Nokia confirmed it has already signed a total of 42 commercial 5G deals with operators around the world, of which 22 are with named customers such as T-Mobile, Telia and Softbank, the Nordic vendor said in a statement.

Including these agreements, Nokia’s 5G deals, trials and demos total over 100 5G customer engagements to date.

Nokia said it has obtained recent 5G wins in Latin America, Asia Pacific and the Middle East. Some of the deals publicly announced by Nokia are AT&T, Sprint, T-Mobile US, US Cellular, A1, Salt, Telenor Group, Telia Company, TIM, Vodafone Italy, STC, Rain, NTT Docomo, KT, Optus, and SK Telecom.

Since the announcement of the 30th commercial 5G contract at the end of March, Nokia said it has seen an average of one major contract win each week – with a steady pipeline in place for further agreements.

“The pace of 5G progress is accelerating across the globe. We are delivering significant performance increases to operators and the power of Nokia’s end-to-end portfolio is being recognized,” said Nokia President and CEO Rajeev Suri. “In fact, in pretty much every network where Nokia products are deployed, we are the performance leader.”

Nokia’s in-house 5G mmWave small cells and AirScale BTS provide in-building and outdoor coverage, while the company’s microwave “Anyhaul”, cloud native RAN, antennas, and 5G cloud-native core are part of approximately half of Nokia’s agreements to date, the company said.

The Finnish company highlighted that early rollouts of 5G have been well publicized in North America, Korea and Europe.
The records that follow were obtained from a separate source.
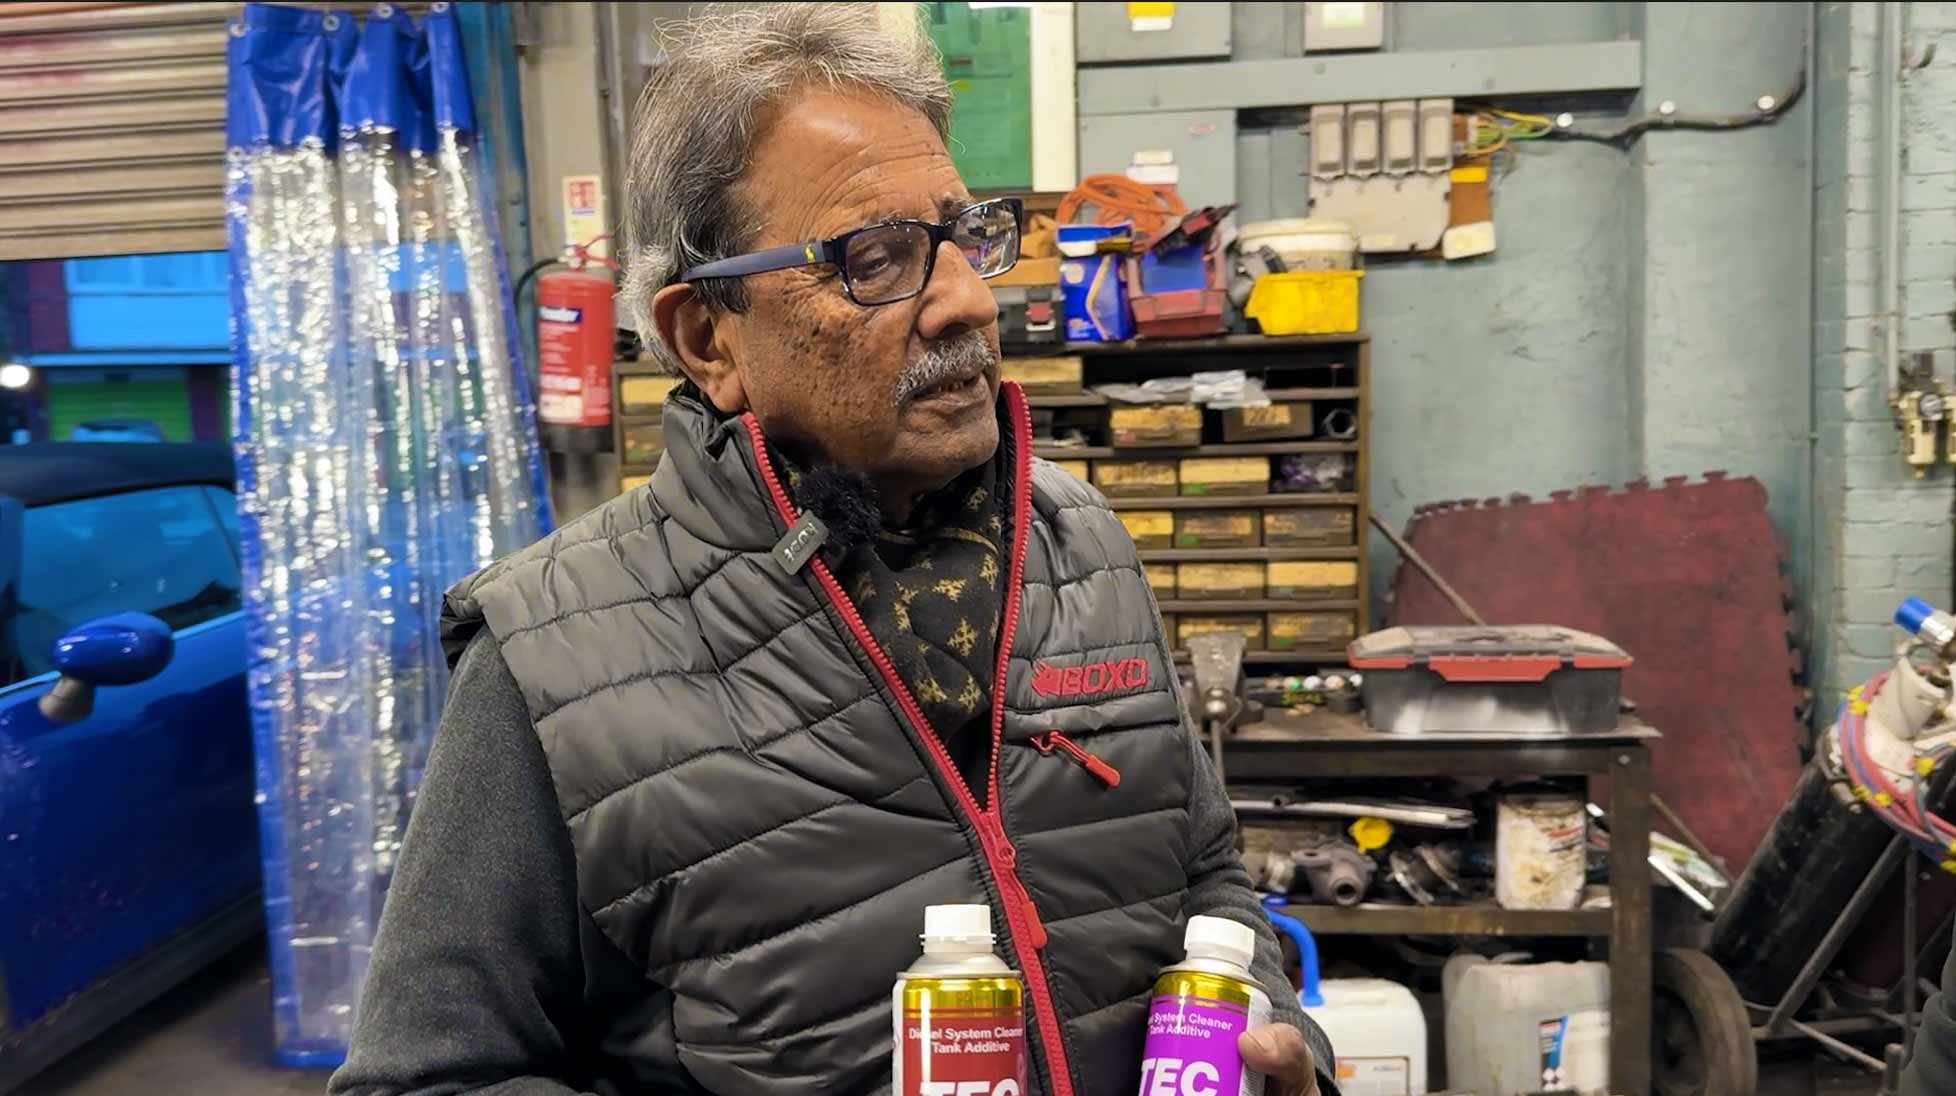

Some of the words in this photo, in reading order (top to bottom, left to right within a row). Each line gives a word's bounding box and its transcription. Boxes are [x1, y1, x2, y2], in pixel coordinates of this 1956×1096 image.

[1062, 657, 1147, 696] BOXO
[1188, 1013, 1233, 1031] Cleaner
[908, 1027, 943, 1039] Diel
[945, 1027, 992, 1042] System
[1166, 1024, 1211, 1039] Additive
[931, 1042, 962, 1053] Tank
[963, 1041, 1010, 1053] Additive
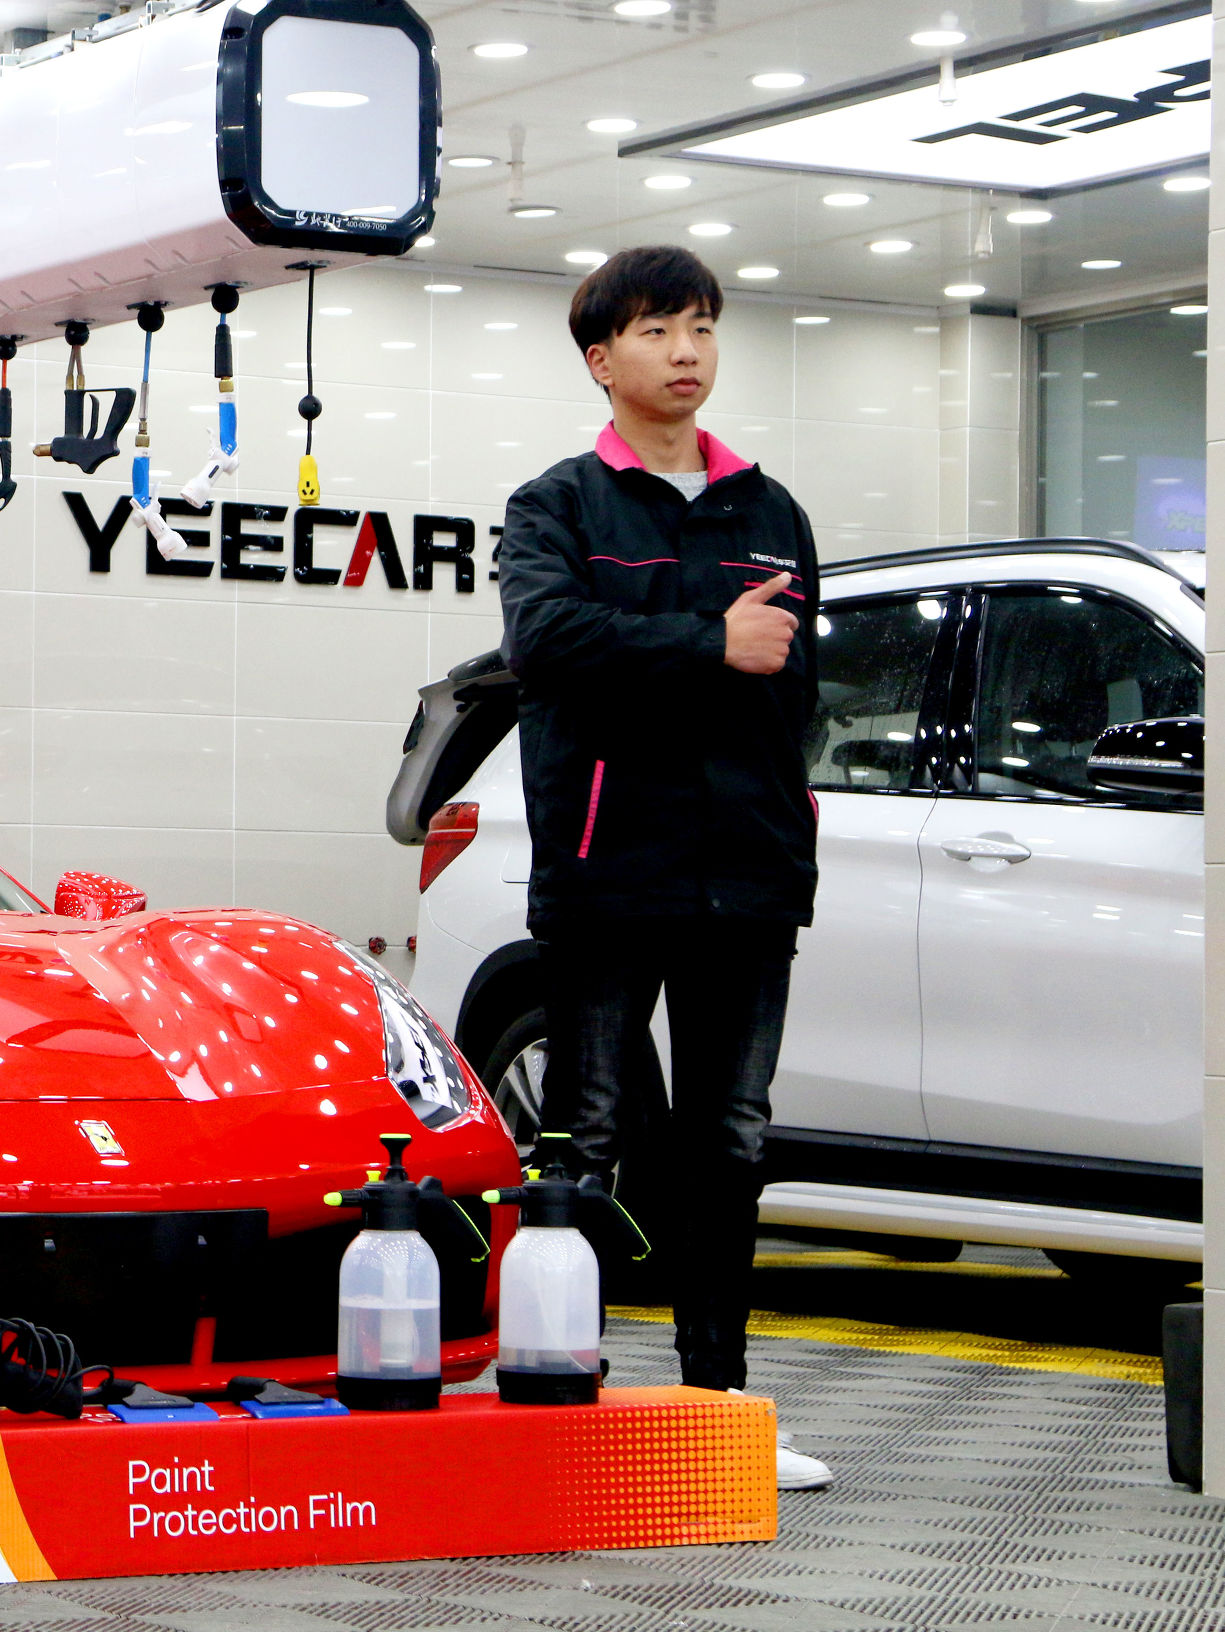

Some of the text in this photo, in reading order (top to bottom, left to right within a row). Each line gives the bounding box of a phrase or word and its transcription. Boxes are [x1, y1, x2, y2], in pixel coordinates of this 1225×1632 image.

[62, 491, 475, 593] YEECAR
[128, 1457, 215, 1495] Paint
[129, 1491, 376, 1538] Protection Film
The vendor also said that it is looking forward to announce its work with operators in emerging nations and regions such as India and Latin America over the coming months.
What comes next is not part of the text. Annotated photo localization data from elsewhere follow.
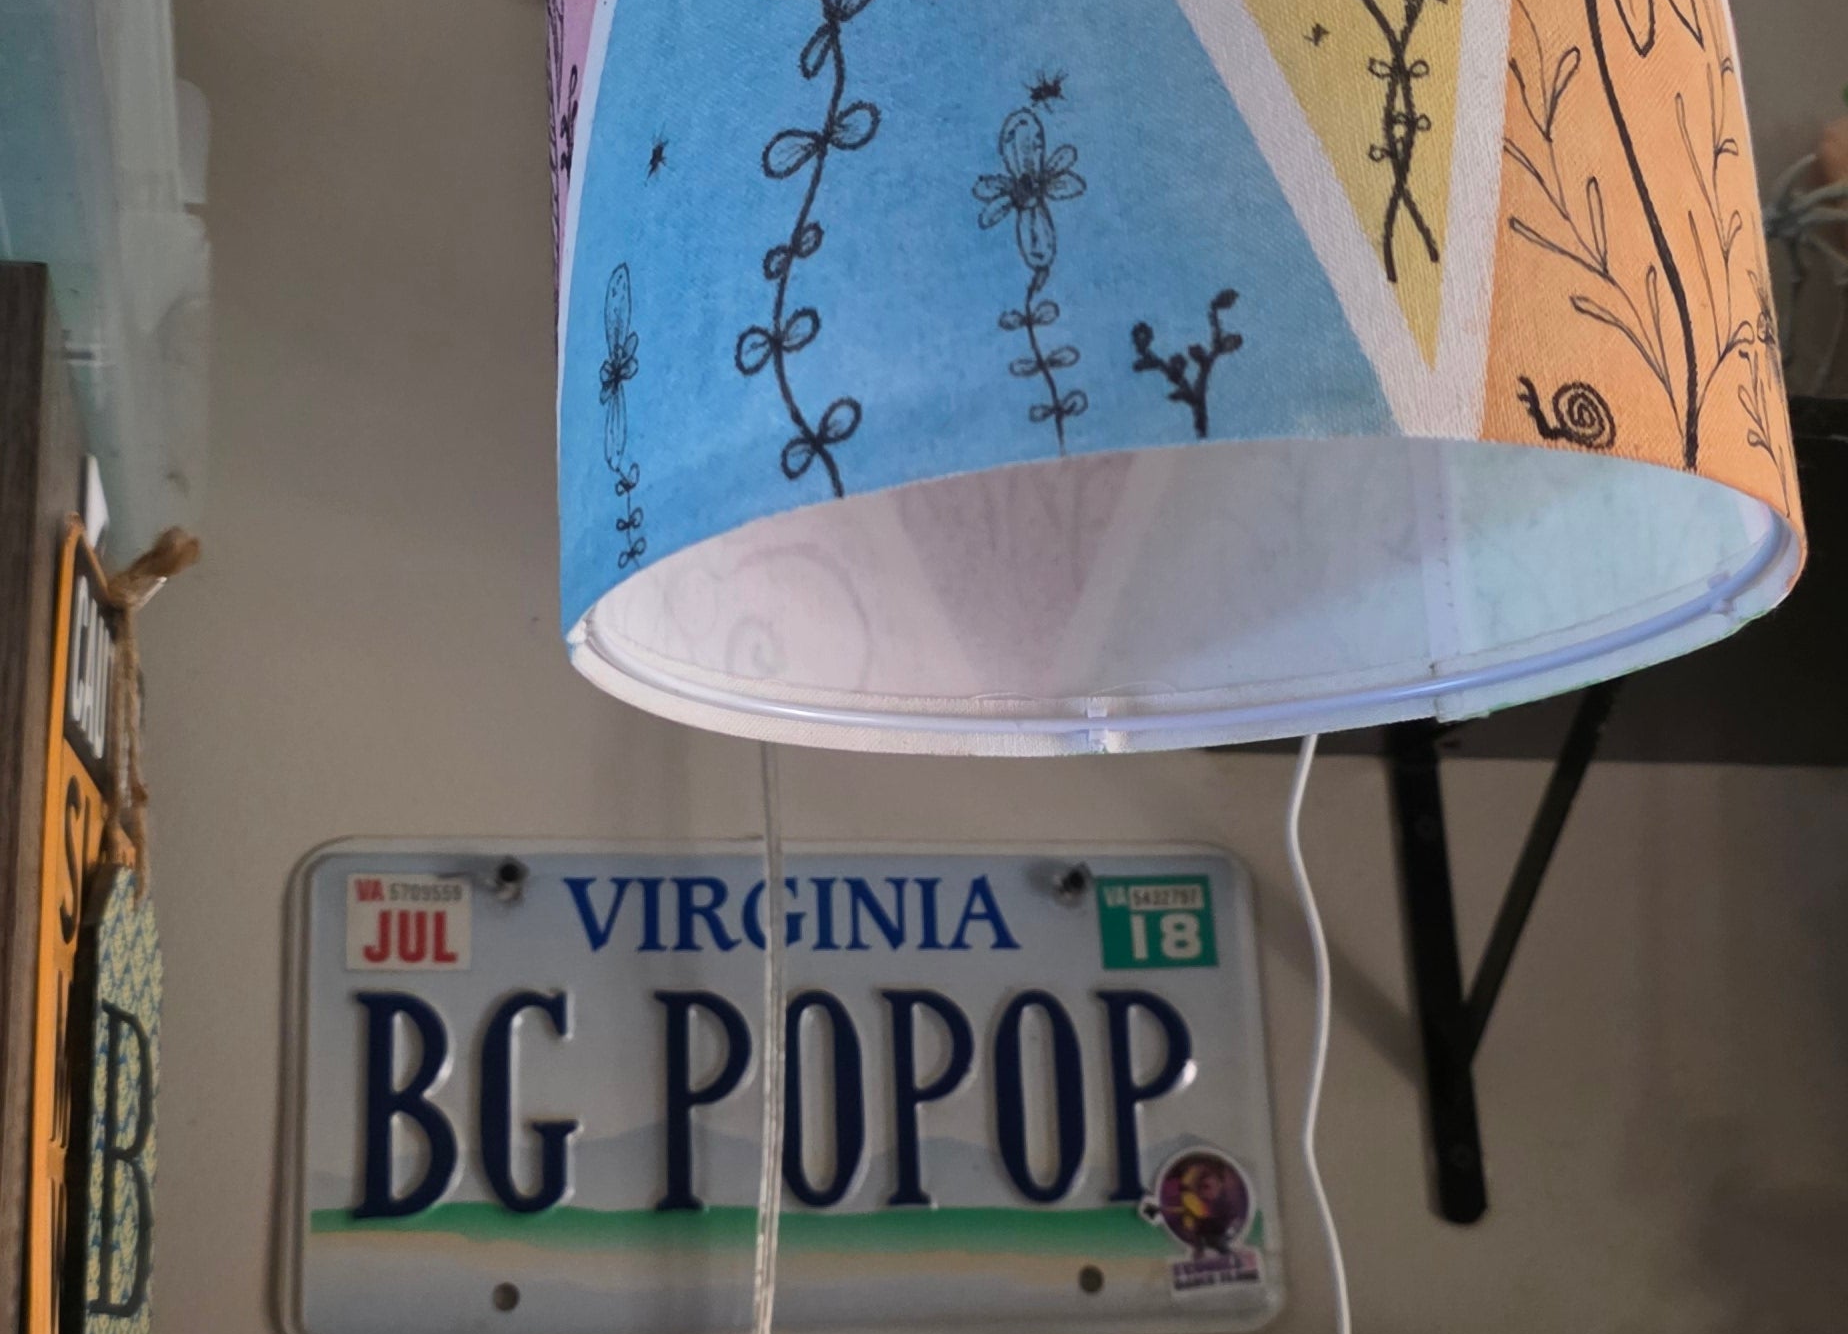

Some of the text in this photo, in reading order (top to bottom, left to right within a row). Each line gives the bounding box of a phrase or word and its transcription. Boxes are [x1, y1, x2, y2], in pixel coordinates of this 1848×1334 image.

[354, 879, 384, 902] VA
[561, 874, 1022, 953] VIRGINIA
[1103, 885, 1127, 907] VA
[362, 909, 458, 964] JUL
[1130, 912, 1203, 961] 18
[349, 987, 1197, 1221] BG POPOP
[89, 997, 152, 1319] B
According to a report by Reuters, Huawei has signed nearly 40 commercial 5G orders, while Swedish Ericsson has publicly announced 19 contracts, of which eight are live.

Nokia director Federico Guillen said that customers are looking to Nokia to equip their 5G core networks, either to have dual-sourcing for the most critical parts of their network infrastructure or to replace existing vendors.

“It’s a little early to quantify that, but in recent weeks we are starting to see that happening,” Guillen reportedly said.

The executive said there has been particular interest from carriers in European countries that have been debating the role of Chinese vendors in their 5G networks.

“Where we are starting to see traction is in countries where there are debates,” Guillen said.

The U.S. administration is urging a number of European countries to avoid using equipment from Huawei in its 5G networks, over security allegations.

Last month, The Trump administration confirmed that the U.S. Department of Commerce had added Huawei to its Entity List, a decision that effectively banned the company from buying parts and components from U.S. companies without U.S. government approval. Under the order, Huawei will need a U.S. government license to buy components from U.S. suppliers.

However, soon after this decision, the administration announced that it would ease certain export restrictions recently imposed on Chinese vendor Huawei Technologies, in a move to give operators time to make other arrangements.